The cover art and plot synopsis lead me to believe that I would find a lightweight, setting-focused read. I was fine with that, because that's exactly what I was in the mood for. Benn handles the premise just right; the first few pages transported me back to the 40s pretty effortlessly. The history is well-researched, but never dry or self-important, offering just the right balance of authenticity and readability. And the slang made me happy. I keep trying to bring back phrases like "say, Mac, what's the big idea" with varying levels of success, so I was wholeheartedly content with Boyle's "gee whiz" vernacular (although, the running joke of Kaz and Daphne trying to decode it got old pretty quickly).

So, I didn't expect the Great American Novel, and I didn't get it. But I finished this book a much bigger fan than I thought I'd be. The story's execution was somewhat predictable, and the pace gets muddied by various adventures that only serve to give Boyle cool, sexy stuff to do. But this book is just so damned readable. Boyle fits the archetype of the charming, serendipitous detective, but he is also full of self-doubt, and morally ambiguous enough to make him unpredictable. The supporting characters, while somewhat inconsistent in their development (for example, Kaz is layered and interesting, while Daphne is... not), are all uniformly likeable. Benn improbably creates an intimate "Scooby Gang," including the mucky-mucks at the top, in the middle of a vast and dehumanizing wartime setting.

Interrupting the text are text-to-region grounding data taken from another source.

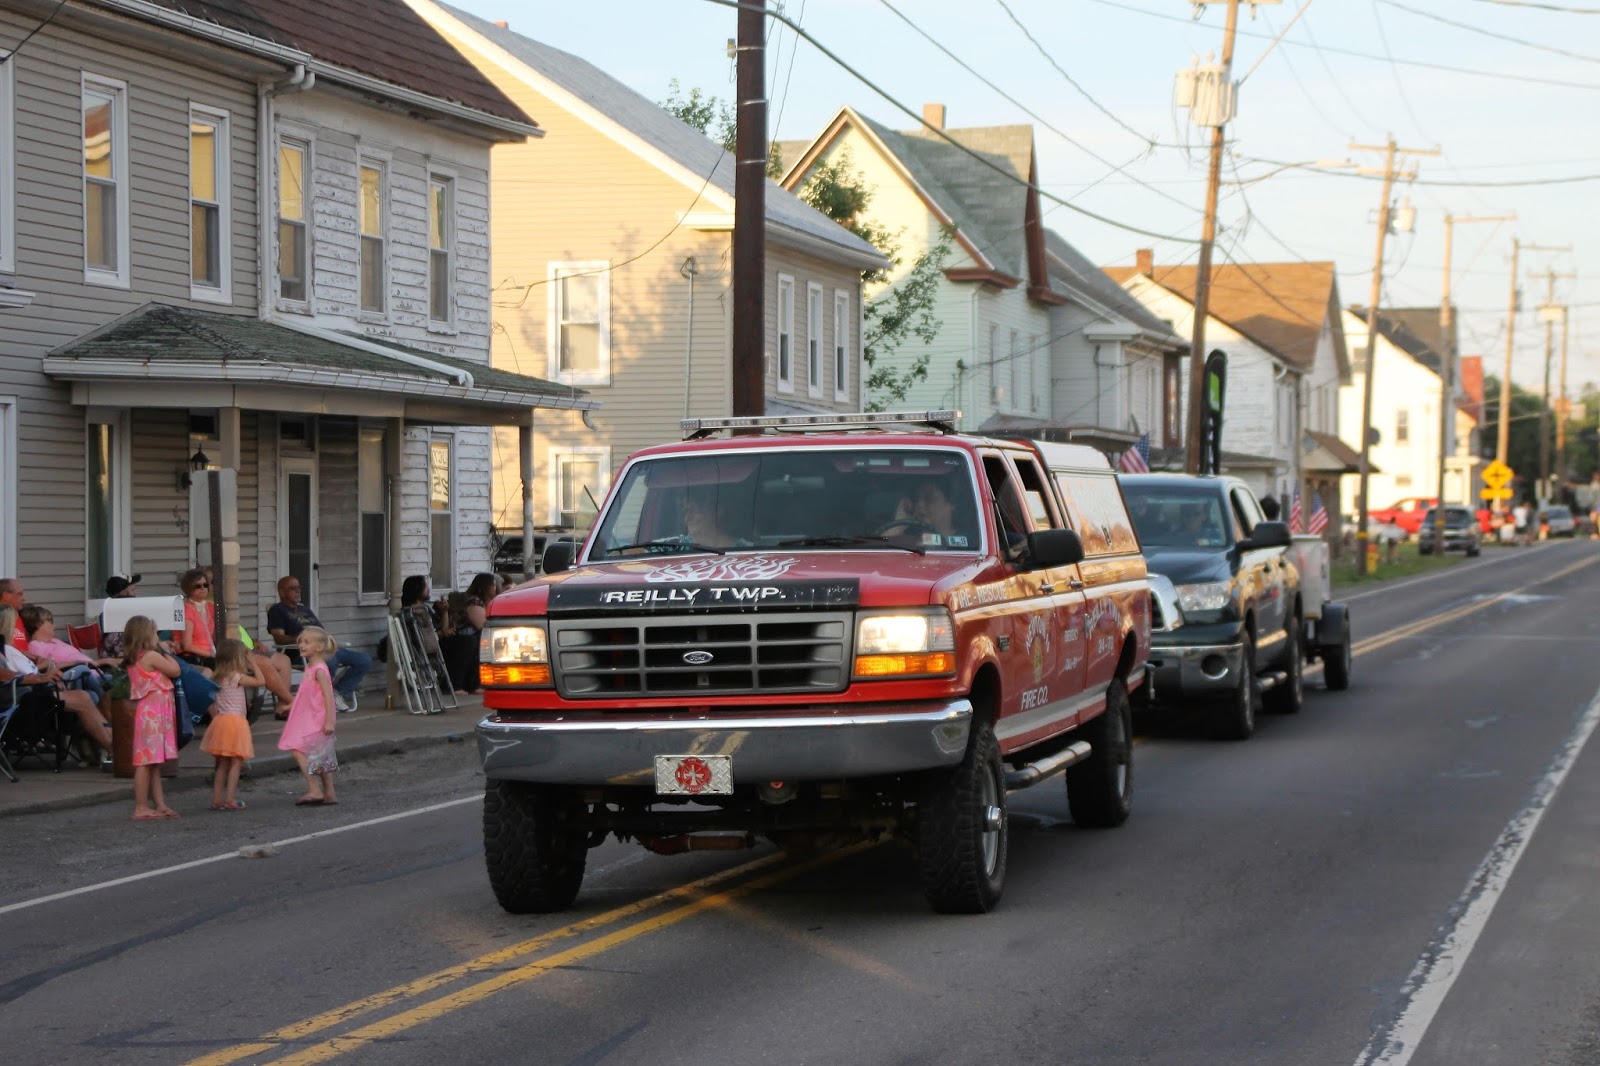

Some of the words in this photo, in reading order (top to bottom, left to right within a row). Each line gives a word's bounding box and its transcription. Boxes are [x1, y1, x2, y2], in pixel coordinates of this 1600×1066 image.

[606, 587, 701, 603] REILLY
[711, 586, 787, 600] TWP.
[952, 587, 973, 609] FIRE
[976, 580, 1008, 604] RESCUE
[1021, 690, 1037, 711] FIRE
[1037, 685, 1049, 706] CO.

The only reason I didn't give this five stars is because of the afore-mentioned Gumpish pace breaks. Also, the ending stretches credibility just a little bit more than the rest of the already improbable story, and I can't let go of the fact that Boyle solves the mystery based on a time-tested medical cliche that is flat-out incorrect. Honestly, though? I still liked the book.

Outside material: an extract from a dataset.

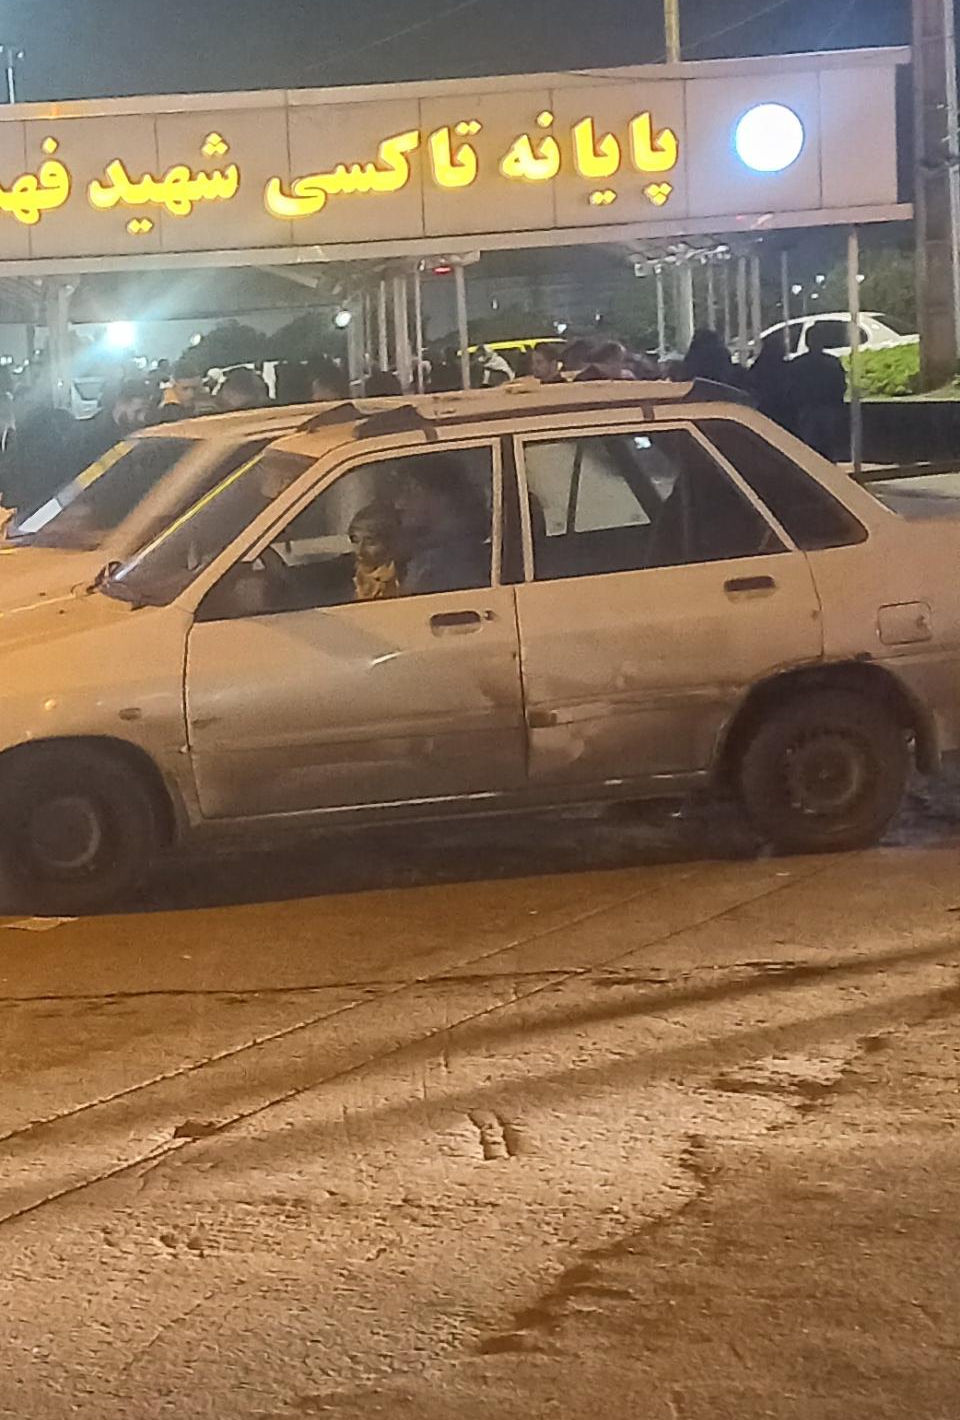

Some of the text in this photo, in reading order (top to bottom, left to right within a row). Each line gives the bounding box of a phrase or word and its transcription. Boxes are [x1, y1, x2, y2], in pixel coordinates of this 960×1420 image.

[88, 132, 240, 235] شهید
[263, 119, 481, 219] تاکسی
[499, 111, 679, 206] پایانه

I guess I am revealing myself to be a bit of a biased reviewer; I am willing to forgive a lot in books like this simply because I enjoyed reading them, whereas you get less leeway if I don't get my bread and circuses. There's a lot here at which to turn up your nose if you are a bonafide literati. And by that, I mean the smug, wispy buttholes in horn-rimmed glasses and ill-fitting sweaters, hanging around used bookstores in the hope of finding a Pynchon first edition. If you don't like WWII stories or light mysteries with plenty of noir homage, this one might not do it for you. However, I found this book to be a lot of fun. While it wasn't perfect, it has a lot of potential. I am definitely checking out the next in the series.